期せずして講演の内容が『烏に~』の選考時の話に移ったので、なぜこれが選ばれたのか、常々疑問だった私は納得できる答えを求めて真剣に耳を傾けました。
ですが……話をうかがってがっかり。

『烏に単は~』は最終選考で評価が低かった。
「作者は北村先生の母校(早稲田)の学生さんですが、どう思いますか?」と話を振られたので、「私は母校で小説の書き方を教えていますし、作者はうちの娘ですから(広い意味での教え子だということ。実の娘という意味ではない)」と答え、受賞が決まった。

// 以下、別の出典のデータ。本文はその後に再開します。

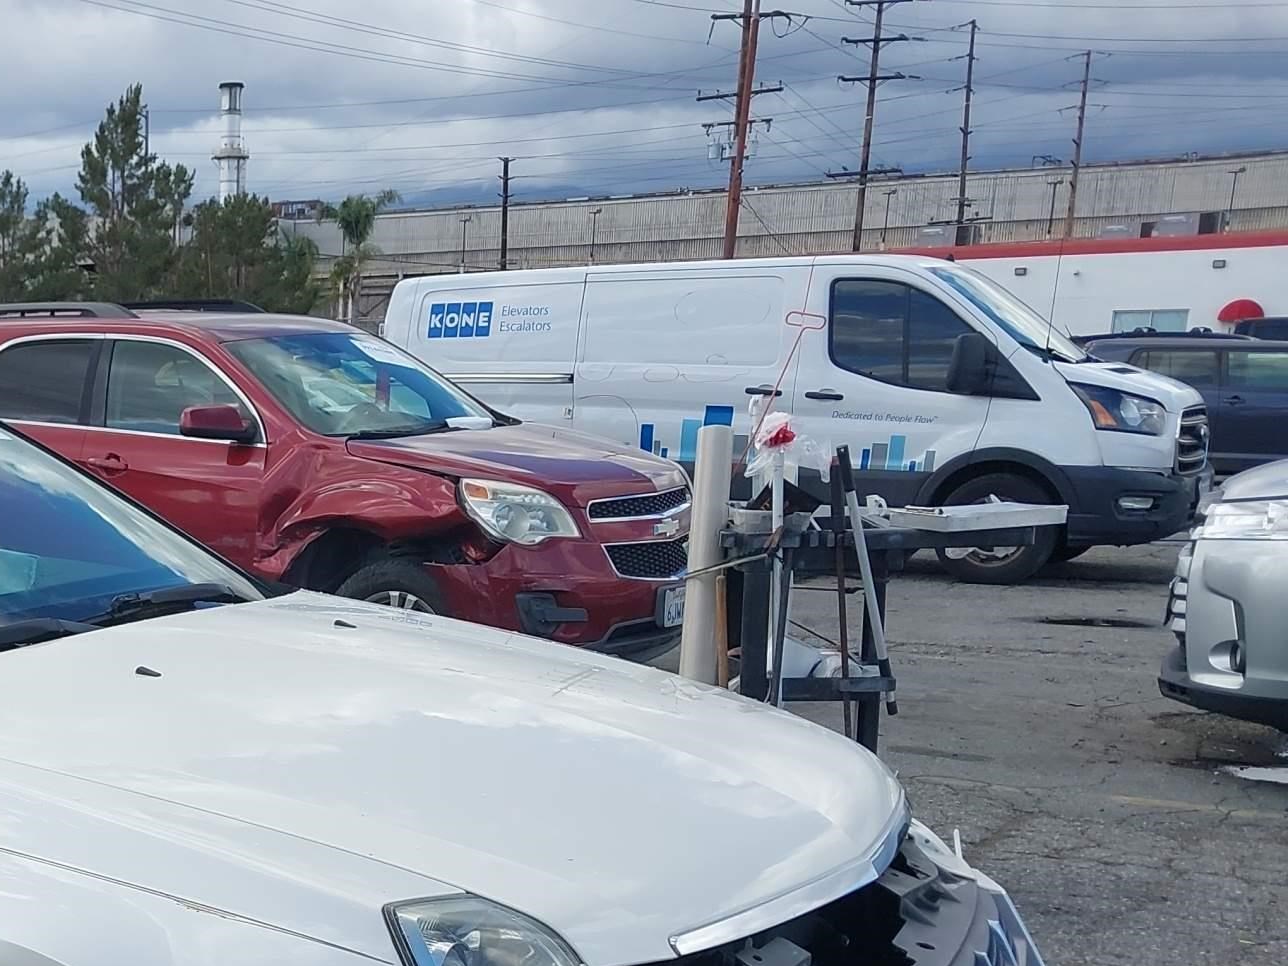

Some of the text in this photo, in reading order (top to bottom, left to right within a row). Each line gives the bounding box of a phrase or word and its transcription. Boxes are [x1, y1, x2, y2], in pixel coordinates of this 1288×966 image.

そんな話を屈託なく、あまりに無邪気に話されたので、単純にショックを受けました。
北村薫先生ご自身は、「うちの娘」を「実の娘」と勘違いした編集や選考委員の話をおもしろおかしく伝えたかったのだと思いますが、私はまったく笑えませんでした。
また、「母校の生徒さんですよね?(だとするとやっぱり気になるでしょ?)」と話を振った編集にも、それを聞いてどうするの? 作品の内容とどんな関係が? とツッコミたくなってしまいました。

こんなやりとりが最終選考の現場で行われていたのか。
そう思ったら、真面目に投稿したその他大勢の方がみじめに思えて仕方がなかったです。
また、「母校の生徒さんですよね?」と北村先生に話を振ったのは、北村先生の担当編集で、のちに『烏に~』の担当編集になった方。
この方も講演会に同席されていたのですが、「作者のプロフィールも本を売るには大切。読者はそこに注目する」とおっしゃられていて、さもありなんという気持ちになってしまいました。
本題は「AIが本を書けば人間の作家はいらないのではないか?」でしたが、内容よりプロフィール重視なら、本末転倒ではないでしょうか?

昨今の出版不況の影響で、「なんと作者は大学生!」をはじめとする、作品のレベルより作家のキャラクターで売ろうとする出版社が増えています。